● Goal of the exercise: Please set down every entry again exactly as it stands, without the pictures.

(Phrase grounding data)

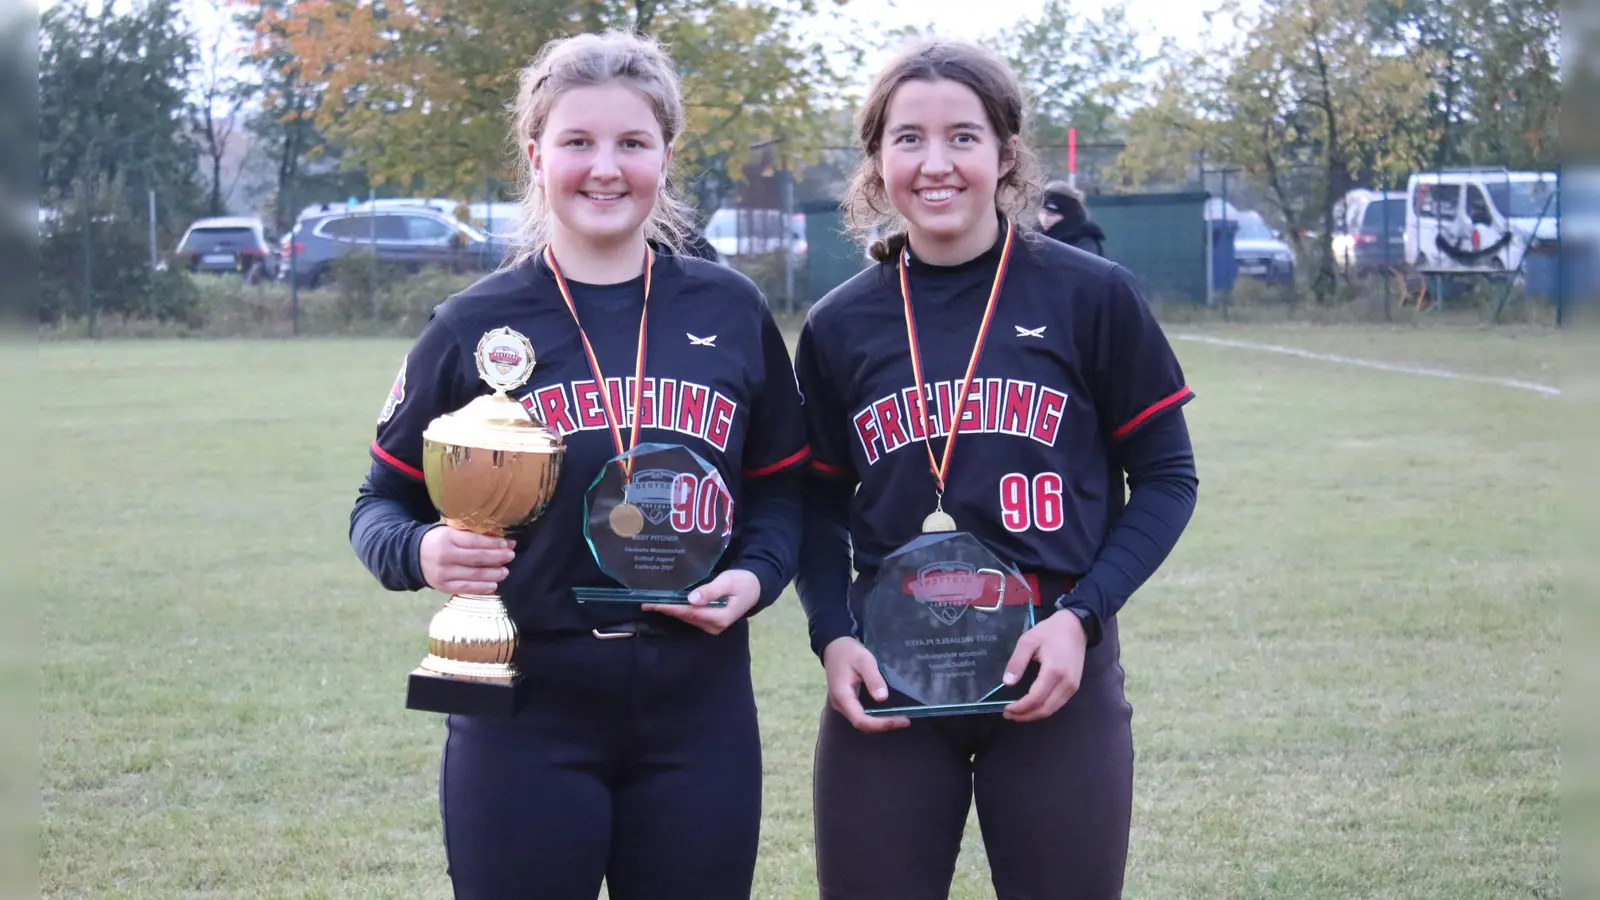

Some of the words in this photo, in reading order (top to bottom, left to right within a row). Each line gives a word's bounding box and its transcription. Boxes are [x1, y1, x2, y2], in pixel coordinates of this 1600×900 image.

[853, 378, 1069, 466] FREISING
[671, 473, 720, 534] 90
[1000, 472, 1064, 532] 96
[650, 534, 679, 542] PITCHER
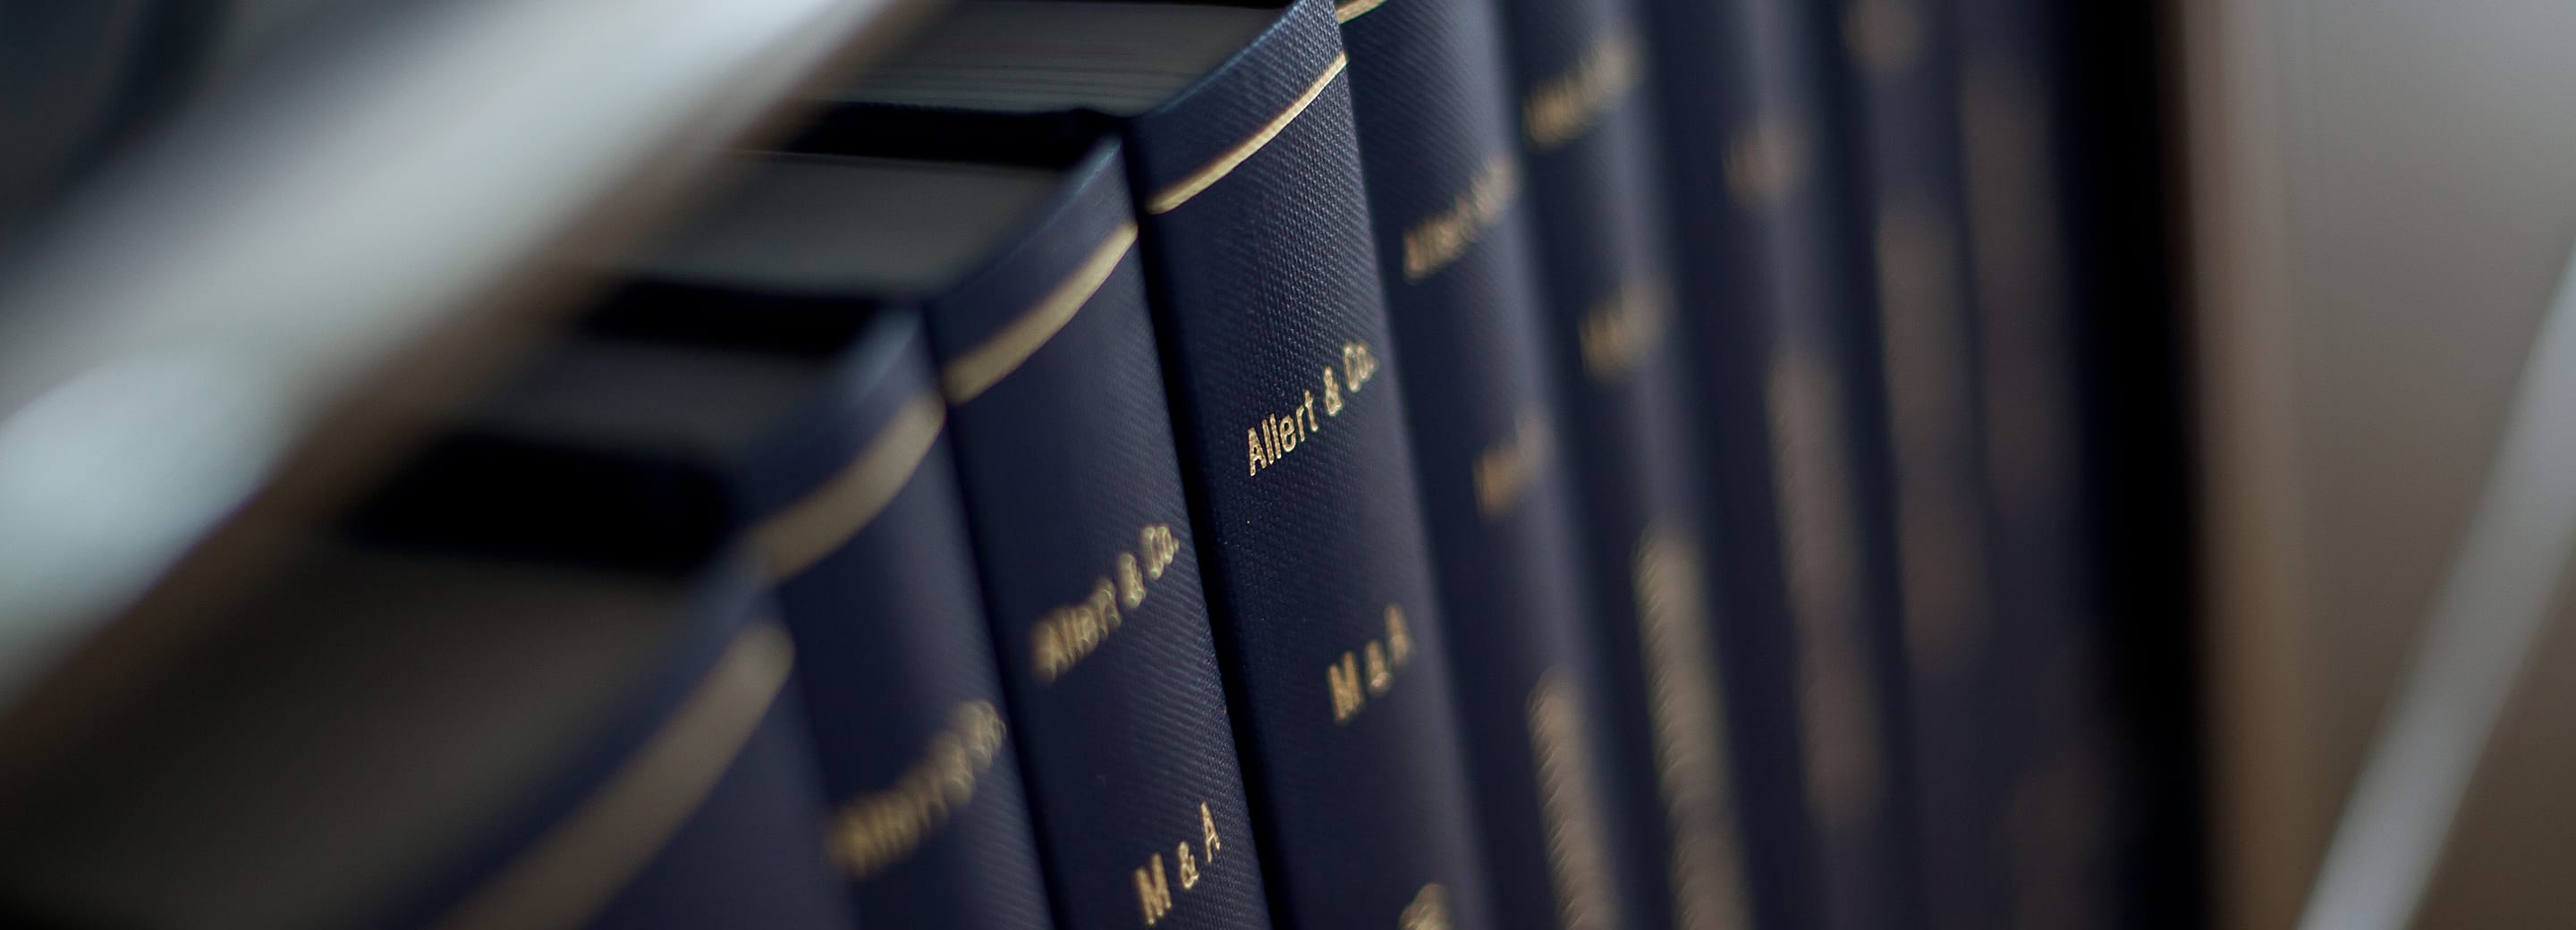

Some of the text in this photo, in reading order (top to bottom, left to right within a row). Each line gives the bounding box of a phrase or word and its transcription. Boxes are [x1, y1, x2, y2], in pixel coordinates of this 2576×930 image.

● Response:
Some of the words in this photo, in reading order (top to bottom, left to right within a row). Each line gives a word's bounding box and its transcription. Boxes are [x1, y1, x2, y2], in pixel coordinates of this 1600×900 image.

[853, 378, 1069, 466] FREISING
[671, 473, 720, 534] 90
[1000, 472, 1064, 532] 96
[650, 534, 679, 542] PITCHER

Some of the text in this photo, in reading order (top to bottom, left to right within a row). Each line gives the bounding box of a phrase or word and its transcription. Boxes are [x1, y1, x2, y2], in pixel coordinates of this 2576×930 image.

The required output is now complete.